Dealing with Loss…..

One of the hardest things to deal with in this life is loss. Partially because we don't understand why it happened, especially when you loose someone seemingly before time. Why does this happen, what do you say to one who has lost someone. Through out this blog thus far I have tried to root everything I have written in the teachings of the God's word. However, from my reading and study thus far (no I haven't read the whole bible cover to cover) I haven't found much on dealing with a lost one (whether it be from death or break up or whatever).

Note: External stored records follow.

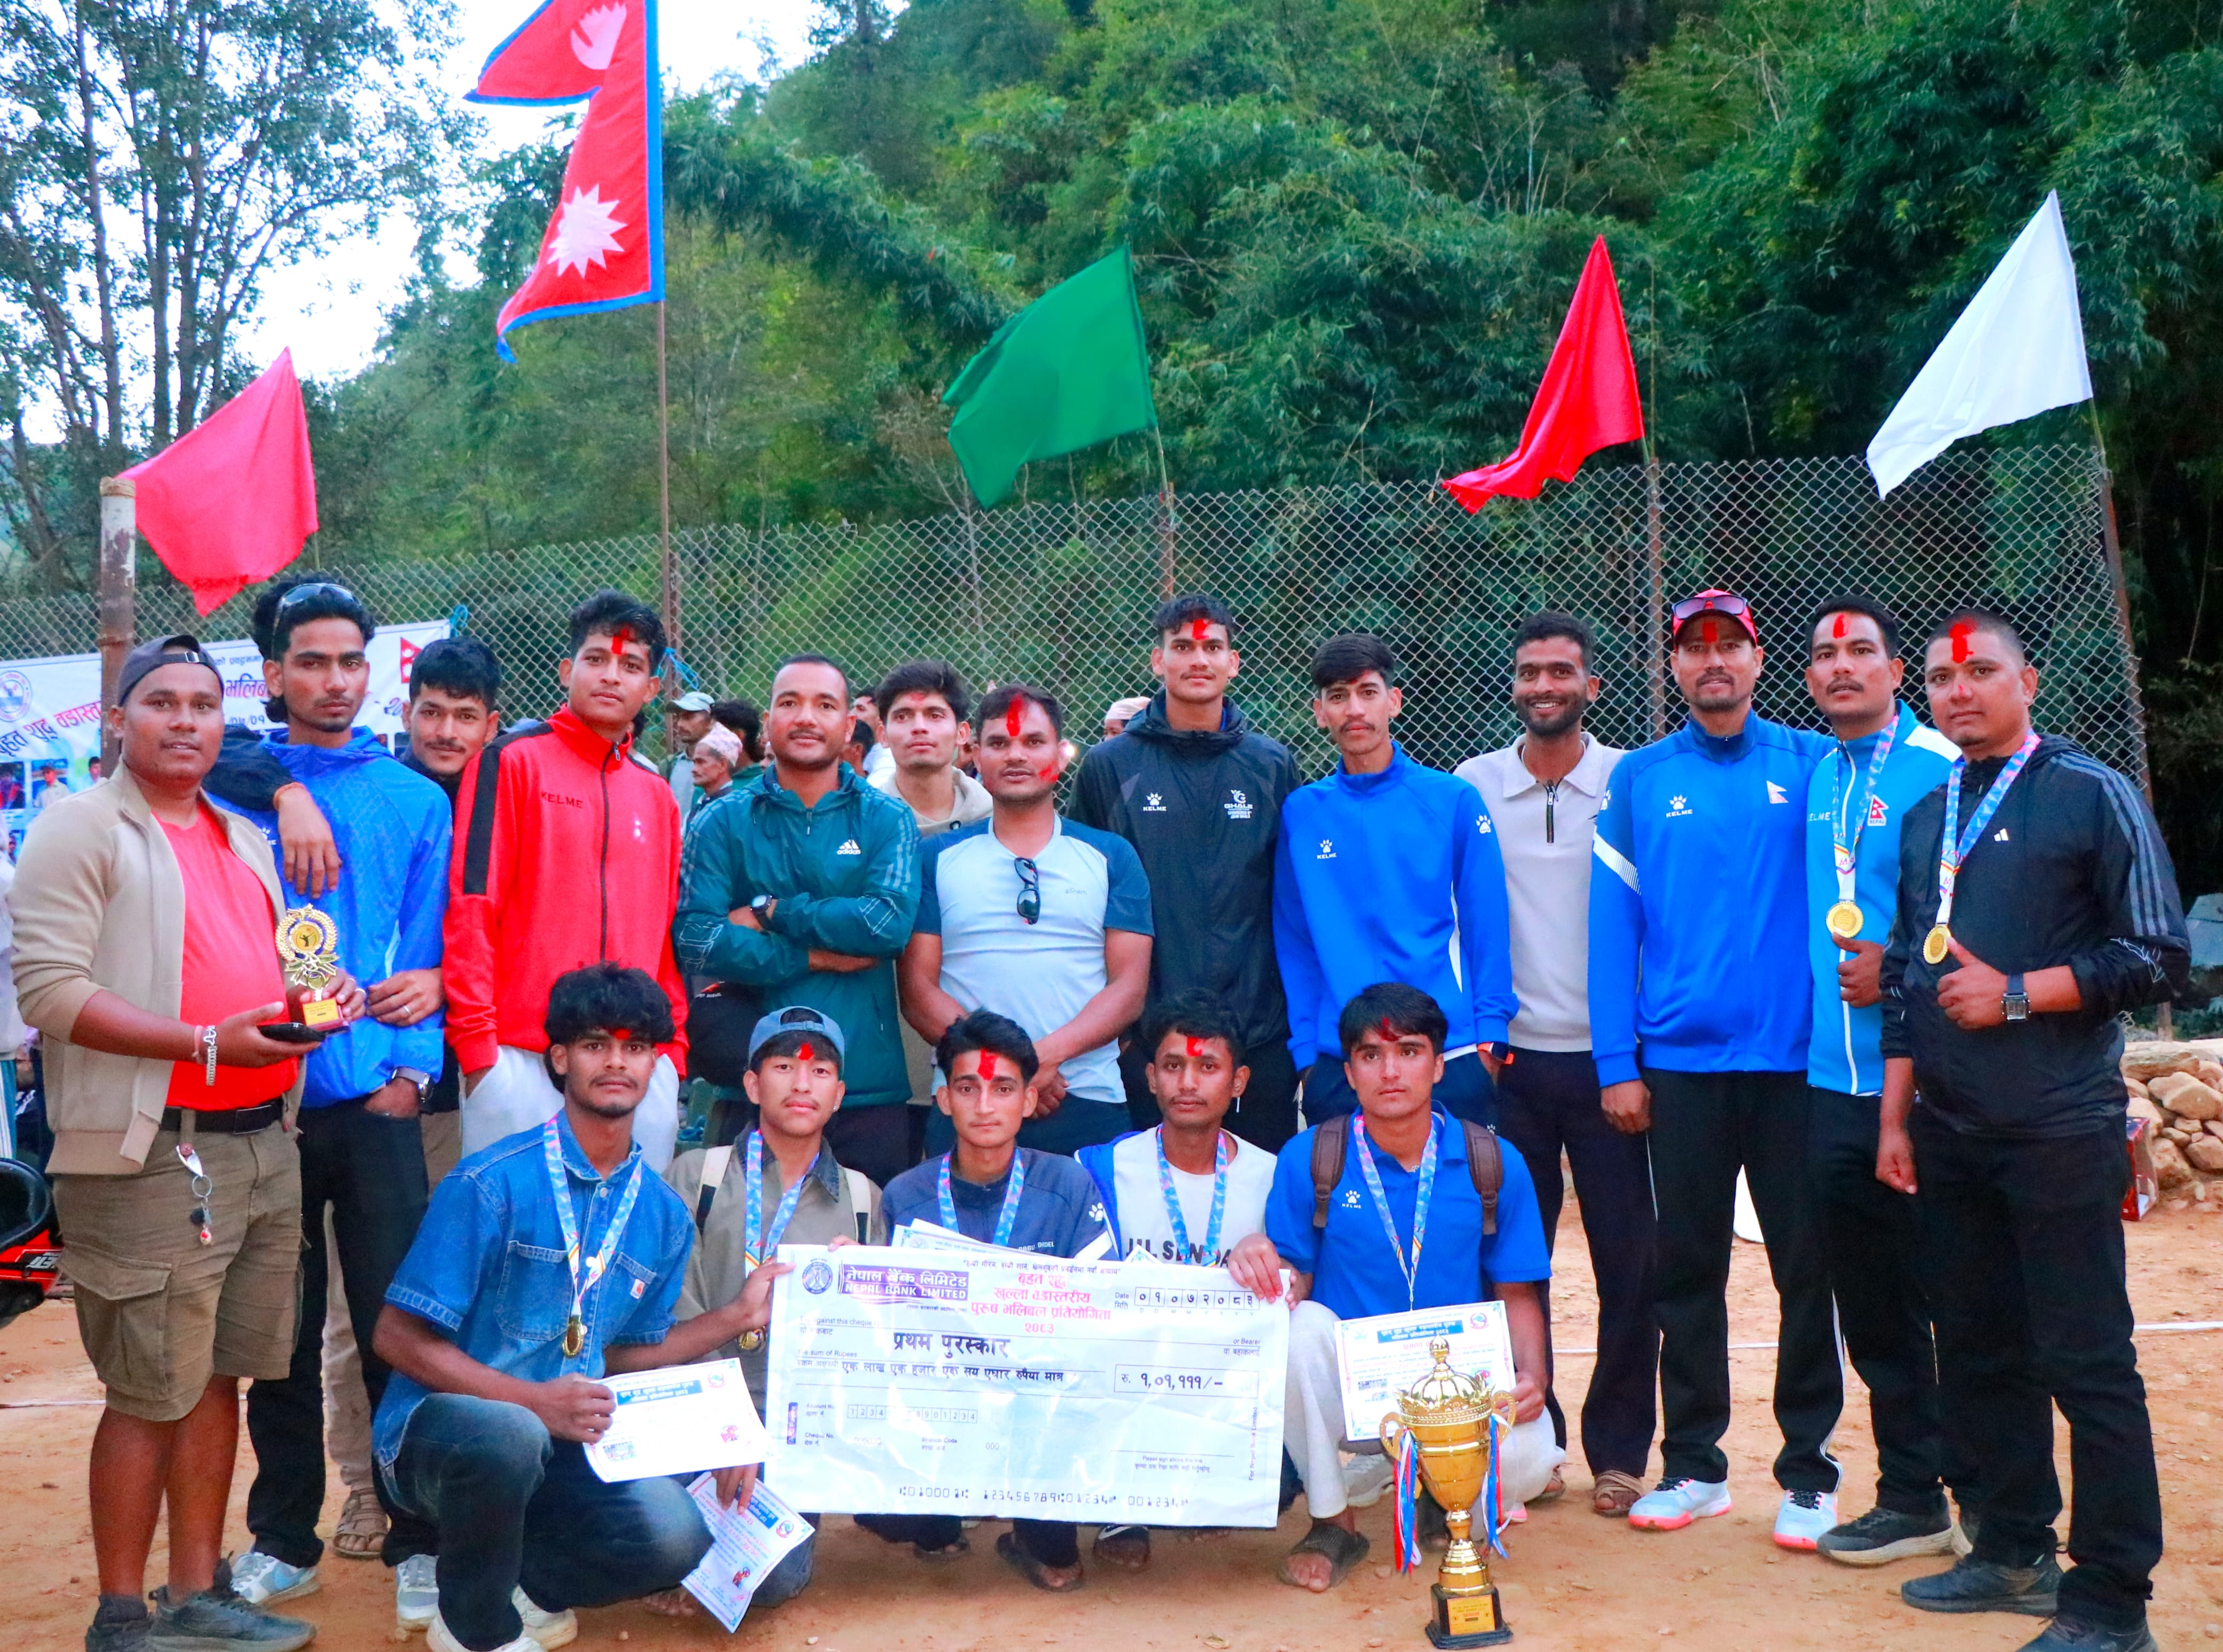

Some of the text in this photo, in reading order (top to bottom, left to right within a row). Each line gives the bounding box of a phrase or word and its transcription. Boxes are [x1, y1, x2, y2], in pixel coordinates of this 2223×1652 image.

[541, 791, 584, 809] KELME
[1666, 809, 1693, 818] KELME
[845, 1267, 881, 1282] नेपाल
[919, 1271, 968, 1287] लिमिटेड
[845, 1283, 966, 1299] NEPAL BANK LIMITED
[994, 1288, 1090, 1304] खुल्ला वडास्तरीय
[971, 1302, 998, 1316] पुरुष
[1002, 1302, 1047, 1317] भलिबल
[1051, 1305, 1111, 1320] प्रतियोगिता
[1115, 1300, 1128, 1309] मिति
[850, 1318, 872, 1327] cheque
[1024, 1322, 1054, 1334] २०८३
[893, 1332, 1011, 1358] प्रथम पुरस्कार
[842, 1361, 859, 1374] एक
[864, 1362, 885, 1373] लाख
[890, 1363, 907, 1376] एक
[912, 1365, 937, 1376] हजार
[943, 1366, 959, 1378] एक
[963, 1367, 980, 1376] सय
[984, 1369, 1011, 1381] एघार
[1044, 1372, 1064, 1382] मात्र
[1141, 1373, 1223, 1390] १,०१,१११/-
[985, 1442, 1000, 1451] 000

I was asked to do an entry on loss by a good friend of mine who has just gone through a very tragic loss. Since that time as I was pondering what I was going to write a few other friends of mine had suffered some loss each in different ways. Breakups, death, and loss of friendships have been plaguing those around me. Different ones asking what do I do, why did it happen, how do I get past it? The only answer I know to give is simply this, trust God and go through. I wish I knew why it was that loss happens and why it is that God allows things to be that don't make sense to us and seem to have a severe negative impact on us. The reality is I don't know why nor do I attempt to try to explain it away, but what I do is simply Trust God. It sounds cliché but it is more true than I can put into this entry. Not only should you trust Him but feel the way you feel.

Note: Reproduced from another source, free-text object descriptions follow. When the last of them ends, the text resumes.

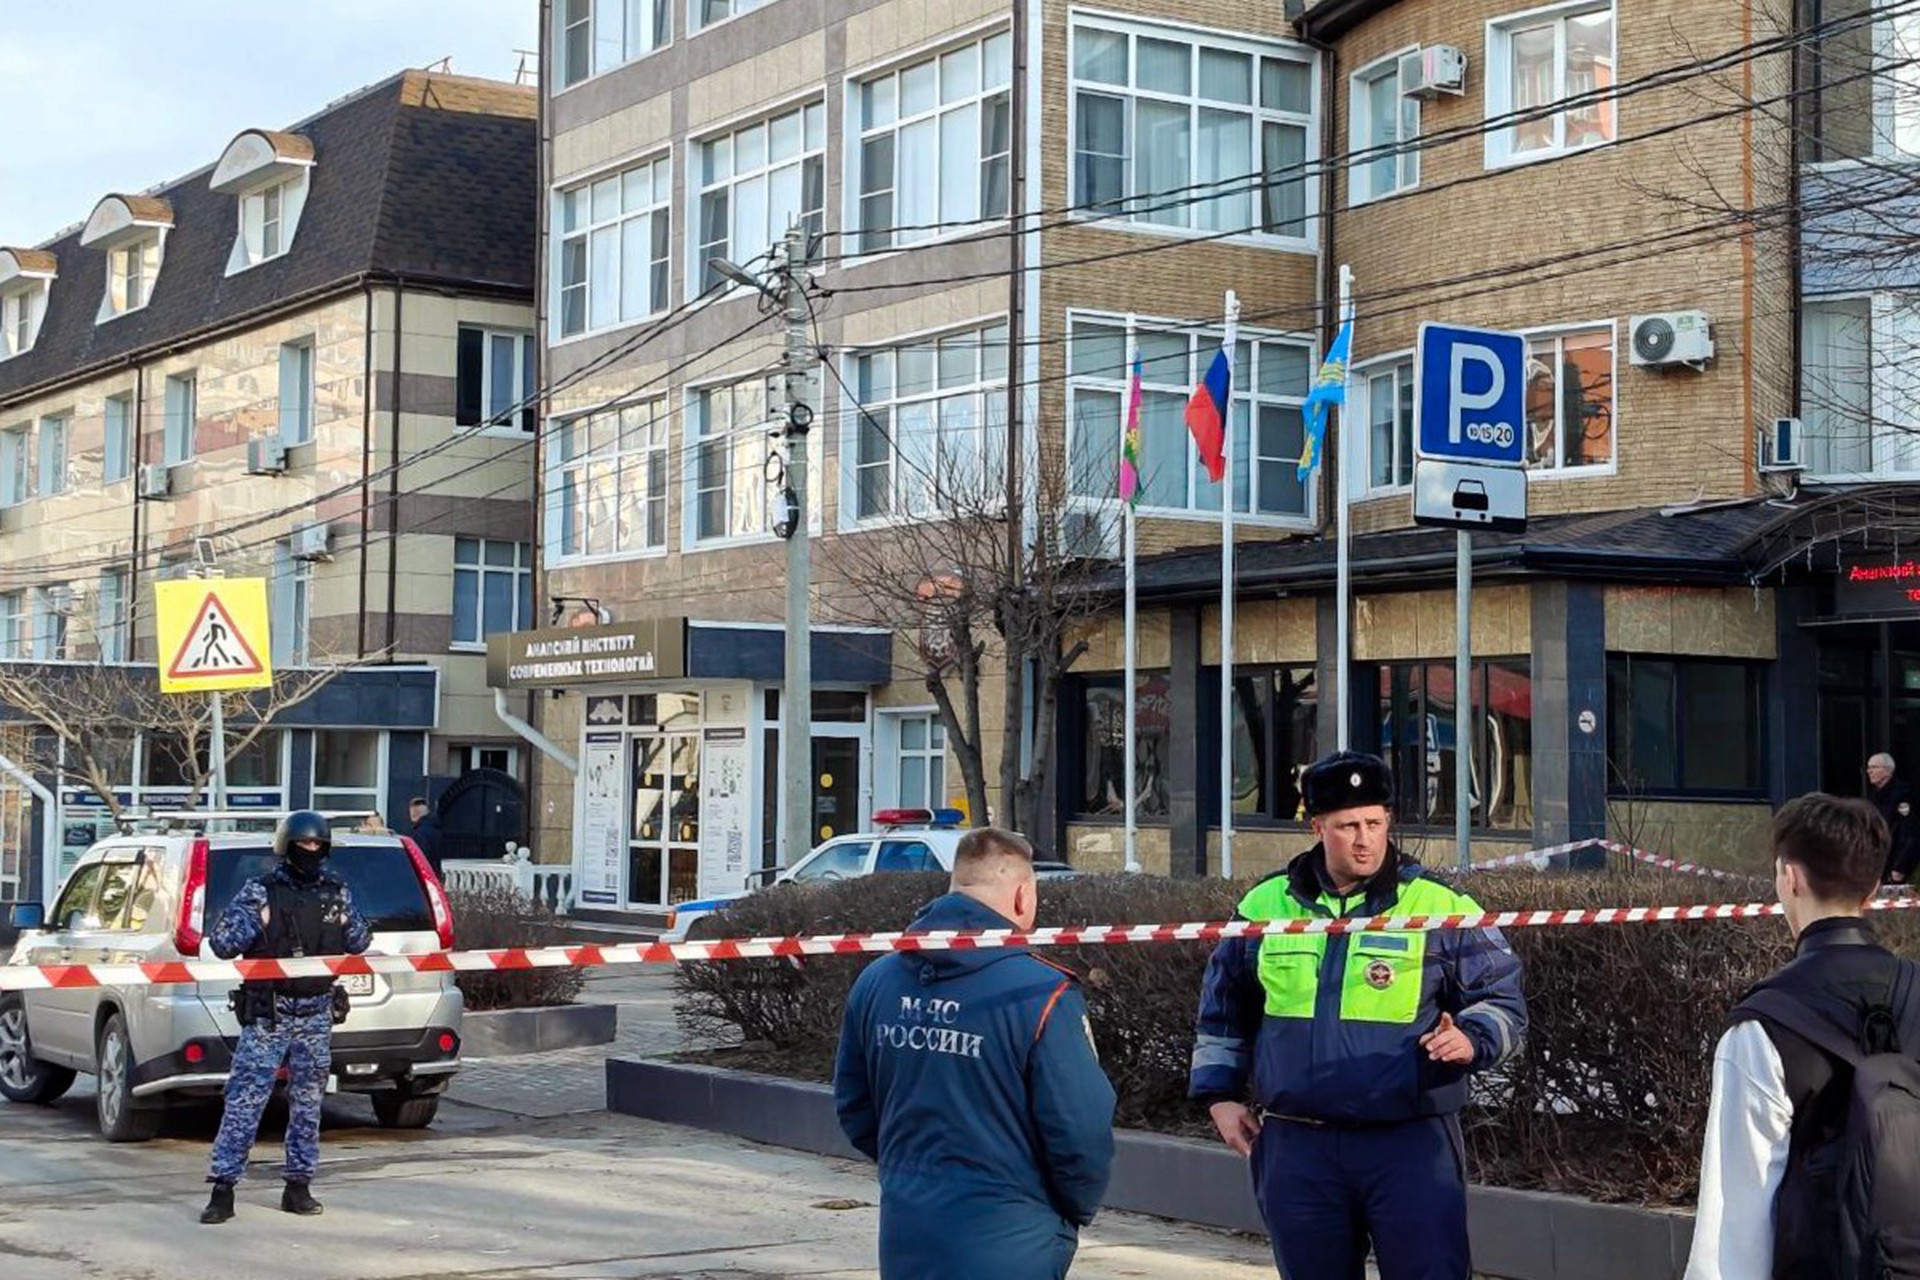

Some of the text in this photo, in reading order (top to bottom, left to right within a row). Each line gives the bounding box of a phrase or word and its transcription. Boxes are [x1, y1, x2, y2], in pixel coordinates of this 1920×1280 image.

[1448, 342, 1505, 443] P
[1482, 426, 1492, 439] 15
[1496, 426, 1512, 442] 20
[525, 634, 635, 658] АНАПСКИЙ ИНСТИТУТ
[510, 651, 654, 679] СОВРЕМЕННЫХ ТЕХНОЛОГИЙ
[351, 975, 367, 988] 23
[899, 996, 960, 1024] МЧС
[877, 1024, 984, 1059] РОССИИ

Some people will tell you that you shouldn't be angry with God when He makes a decision, some will tell you after sometime that you should be over it. Don't let people dictate to you how you are supposed to be feeling. Don't allow people who aren't and haven't gone through what you are to tell you it's been too long so get over it. Feel how you feel. Now I will say don't dwell there but the bible teaches us that weeping endures for a night. Everyone always tries to rush to the end part of that scripture that tells you that joy comes in the morning but before you can get to that morning joy you must go through your weeping nights. Don't suppress it. Go through it. When you feel like crying go ahead and cry. When you feel like screaming go ahead and scream. Your tears, your mourning over the relationship lost will help you get to your morning of joy. Some things truth be told you will never get over but by going through the process and Trusting God you will get better. "Well I’m angry at God, He did this to me"! That is one of many common statements I hear. I say go ahead and be angry with God but just like you are supposed to do with people (if anyone has an ought with his brother go to him) we ought to do with God and tell Him and don't hold back. Fire out all the reasons why you think it's unfair, or unjust, or whatever you are feeling trust me He can take it. Just know that when you do, give Him the chance to talk to you and help you through what you are feeling.

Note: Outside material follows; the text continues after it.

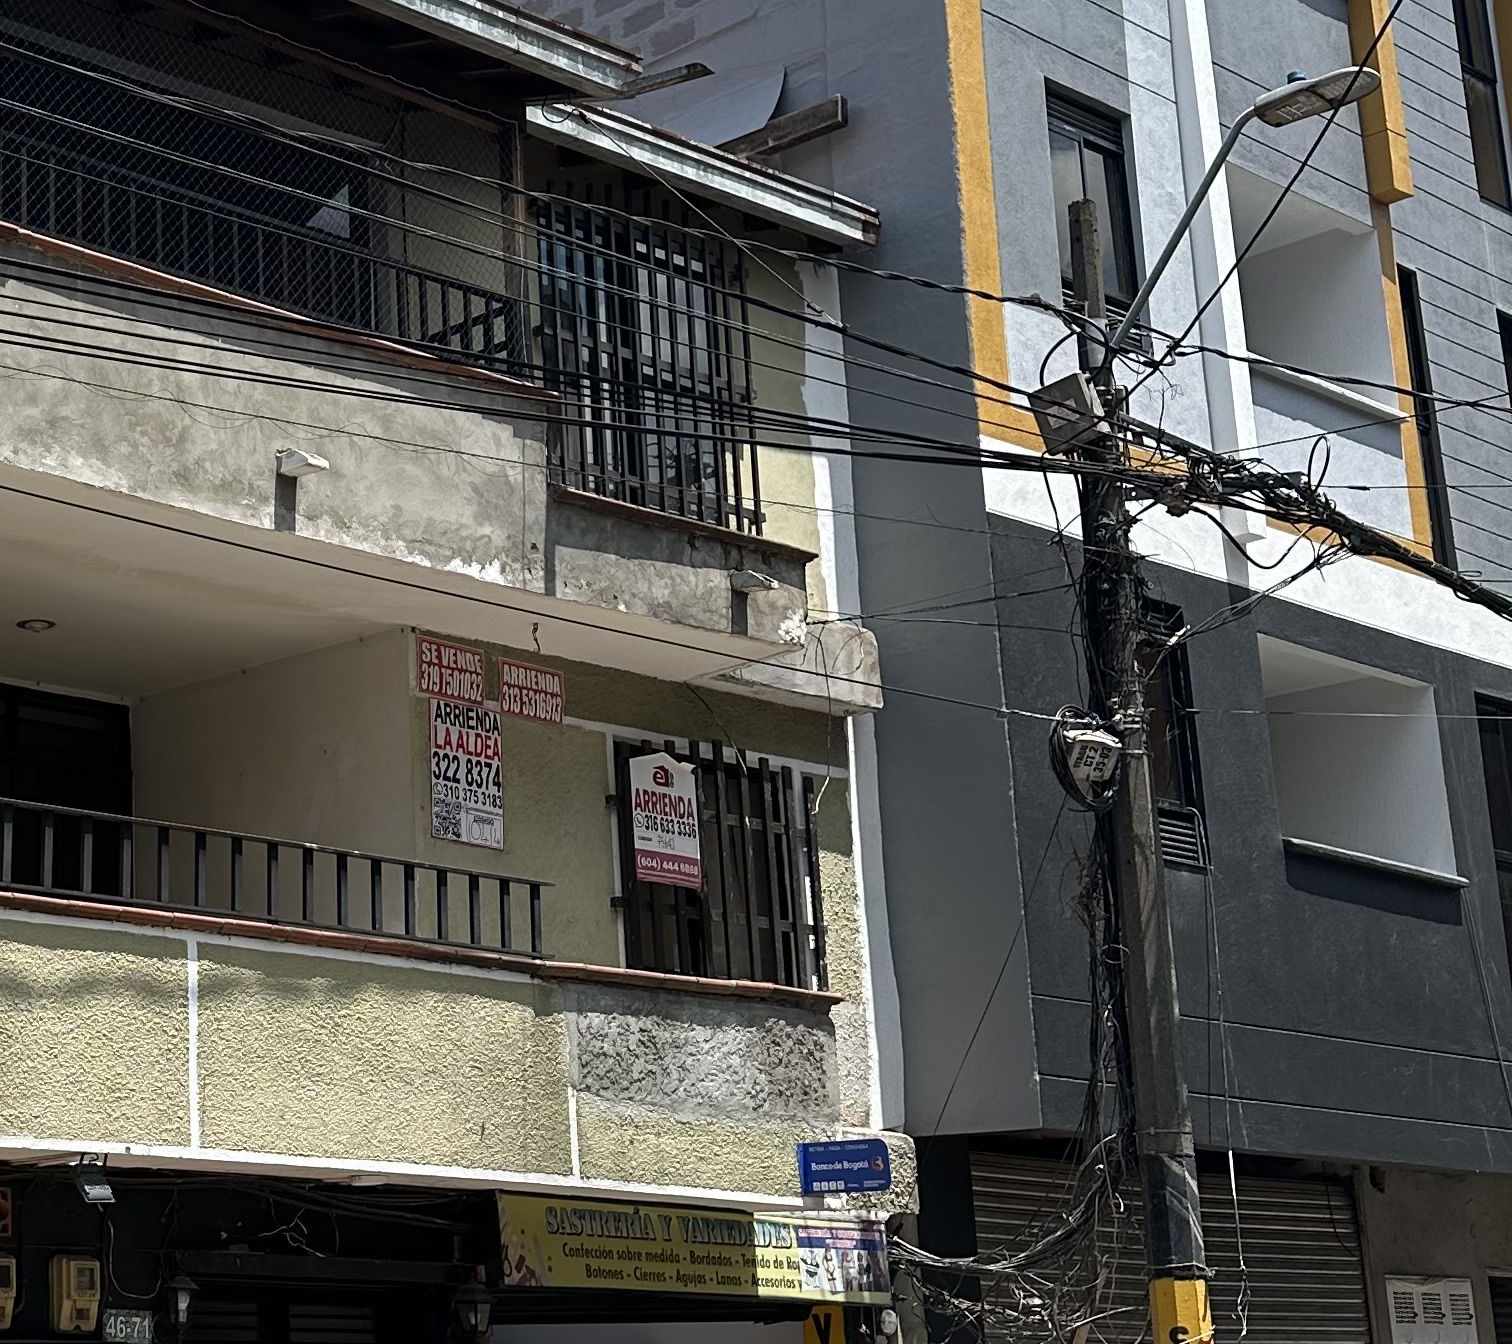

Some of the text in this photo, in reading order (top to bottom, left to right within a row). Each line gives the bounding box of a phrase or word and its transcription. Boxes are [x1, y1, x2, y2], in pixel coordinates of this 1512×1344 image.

Trust God and feel how you feel and know that He is still able to bring you out. I hope and pray that this entry has been of some help and possibly some comfort to those going through loss of any type. Know that you are not alone, others are going through as you are. Don't isolate yourself get around people from time to time it also helps with the healing process. Remember as always Grow in God's Grace and Abide in His Love!

1 comment:

Angel Binne said...

Thank you Rev. Just what I needed. Scripturally, I found the passage where Jesus wept for Lazarus and John and that was helpful too. Knowing Jesus/God was upset over losing someone made me feel more confident that He does know what we are going through because He's been through it Himself.